A robot in the form of a metal box is attached to various red cables and suspended a few feet in the air, unveiled for the Bauhaus centennary

To celebrate the Bauhaus centennial, German researchers show off new robot printer

This summer, to celebrate the centenary of the Bauhaus, the Bauhaus-Universität Weimar in Weimar, Germany, hosted an exhibition called sumaery2019. At the exhibition, the university showcased some of the latest innovations in robotics, displaying a cable-driven robot that 3D printed cementitious material, designed by a team led by professor Jan Willmann, in cooperation with the Dortmund University of Applied Sciences and the University of Duisburg-Essen.

The robot extruded and deposited layers of the “concrete” onto a platform to create a shell around a large steel structure. The robot moved over long distances across four cables, similar to how cameras work for sports broadcasts. (the Weimar robot also featured a high-resolution camera to capture what it was doing). The benefits of the robotic cable system, according to Willmann, is its ability to “to perform a variety of non-standard building processes, beyond the workspace restrictions imposed by conventional CNC-machinery.” He goes onto explain that “this means that the required components can be produced at full-scale, on-demand, on-site, and in practically unlimited forms and sizes, eliminating the need for additional formwork, transportation over long distances, and standardized parts.”
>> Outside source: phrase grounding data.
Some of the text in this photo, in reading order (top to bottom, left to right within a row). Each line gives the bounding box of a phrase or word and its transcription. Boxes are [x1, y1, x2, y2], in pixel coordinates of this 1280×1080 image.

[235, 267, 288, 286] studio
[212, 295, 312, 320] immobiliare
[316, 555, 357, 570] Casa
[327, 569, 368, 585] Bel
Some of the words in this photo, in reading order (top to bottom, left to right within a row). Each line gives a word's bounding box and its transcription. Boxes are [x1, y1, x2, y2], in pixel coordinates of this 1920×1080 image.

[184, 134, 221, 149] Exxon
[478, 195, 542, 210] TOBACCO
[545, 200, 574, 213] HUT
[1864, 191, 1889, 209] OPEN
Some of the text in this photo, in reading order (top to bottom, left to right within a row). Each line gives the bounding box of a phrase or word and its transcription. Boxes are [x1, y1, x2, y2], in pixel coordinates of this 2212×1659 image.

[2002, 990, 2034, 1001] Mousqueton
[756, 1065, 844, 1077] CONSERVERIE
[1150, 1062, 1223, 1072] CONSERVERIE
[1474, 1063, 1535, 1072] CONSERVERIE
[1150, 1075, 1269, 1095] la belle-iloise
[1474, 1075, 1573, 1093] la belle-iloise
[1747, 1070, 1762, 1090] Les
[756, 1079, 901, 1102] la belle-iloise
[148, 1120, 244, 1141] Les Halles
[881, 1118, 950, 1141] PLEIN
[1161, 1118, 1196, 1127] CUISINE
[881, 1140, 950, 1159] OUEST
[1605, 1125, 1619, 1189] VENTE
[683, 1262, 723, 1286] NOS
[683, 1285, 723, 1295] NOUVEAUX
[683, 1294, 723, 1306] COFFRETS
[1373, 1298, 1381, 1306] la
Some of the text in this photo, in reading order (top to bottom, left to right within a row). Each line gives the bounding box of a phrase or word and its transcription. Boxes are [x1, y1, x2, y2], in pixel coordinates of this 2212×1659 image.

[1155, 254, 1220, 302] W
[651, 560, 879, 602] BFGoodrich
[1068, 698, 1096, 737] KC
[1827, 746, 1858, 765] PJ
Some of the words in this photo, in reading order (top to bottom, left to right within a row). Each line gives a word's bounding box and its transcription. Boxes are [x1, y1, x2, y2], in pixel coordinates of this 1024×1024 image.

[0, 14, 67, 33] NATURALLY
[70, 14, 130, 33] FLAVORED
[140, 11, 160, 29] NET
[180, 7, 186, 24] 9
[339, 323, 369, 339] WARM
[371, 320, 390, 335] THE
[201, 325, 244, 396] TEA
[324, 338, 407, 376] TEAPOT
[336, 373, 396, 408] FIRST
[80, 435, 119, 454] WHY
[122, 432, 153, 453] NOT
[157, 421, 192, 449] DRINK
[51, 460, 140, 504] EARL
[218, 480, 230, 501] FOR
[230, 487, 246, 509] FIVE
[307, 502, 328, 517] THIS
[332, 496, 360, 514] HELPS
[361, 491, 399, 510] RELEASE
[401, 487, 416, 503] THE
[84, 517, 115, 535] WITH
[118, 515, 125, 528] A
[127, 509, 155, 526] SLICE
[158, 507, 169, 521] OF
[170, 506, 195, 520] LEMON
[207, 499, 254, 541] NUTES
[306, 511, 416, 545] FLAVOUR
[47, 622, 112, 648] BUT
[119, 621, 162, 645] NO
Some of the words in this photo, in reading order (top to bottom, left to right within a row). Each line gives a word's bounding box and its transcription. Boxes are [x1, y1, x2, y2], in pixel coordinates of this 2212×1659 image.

Photo of a steel scaffolding and wall
The multi-dimensional printer deposits a cement-based material to cover the university’s steel testbed structure in a shell. (Courtesy Bauhaus-Universität Weimar, University of Applied Sciences Dortmund, and the University of Duisburg-Essen)

The researchers hope that the robot showcased new possibilities in computational design and formwork-less additive manufacturing. “The results not only demonstrate the innovative aesthetic and functional potential of the robotic process,” said Willmann, “they also provide a fascinating insight into the future of digital design and the manufacturing process in a real-world scenario.”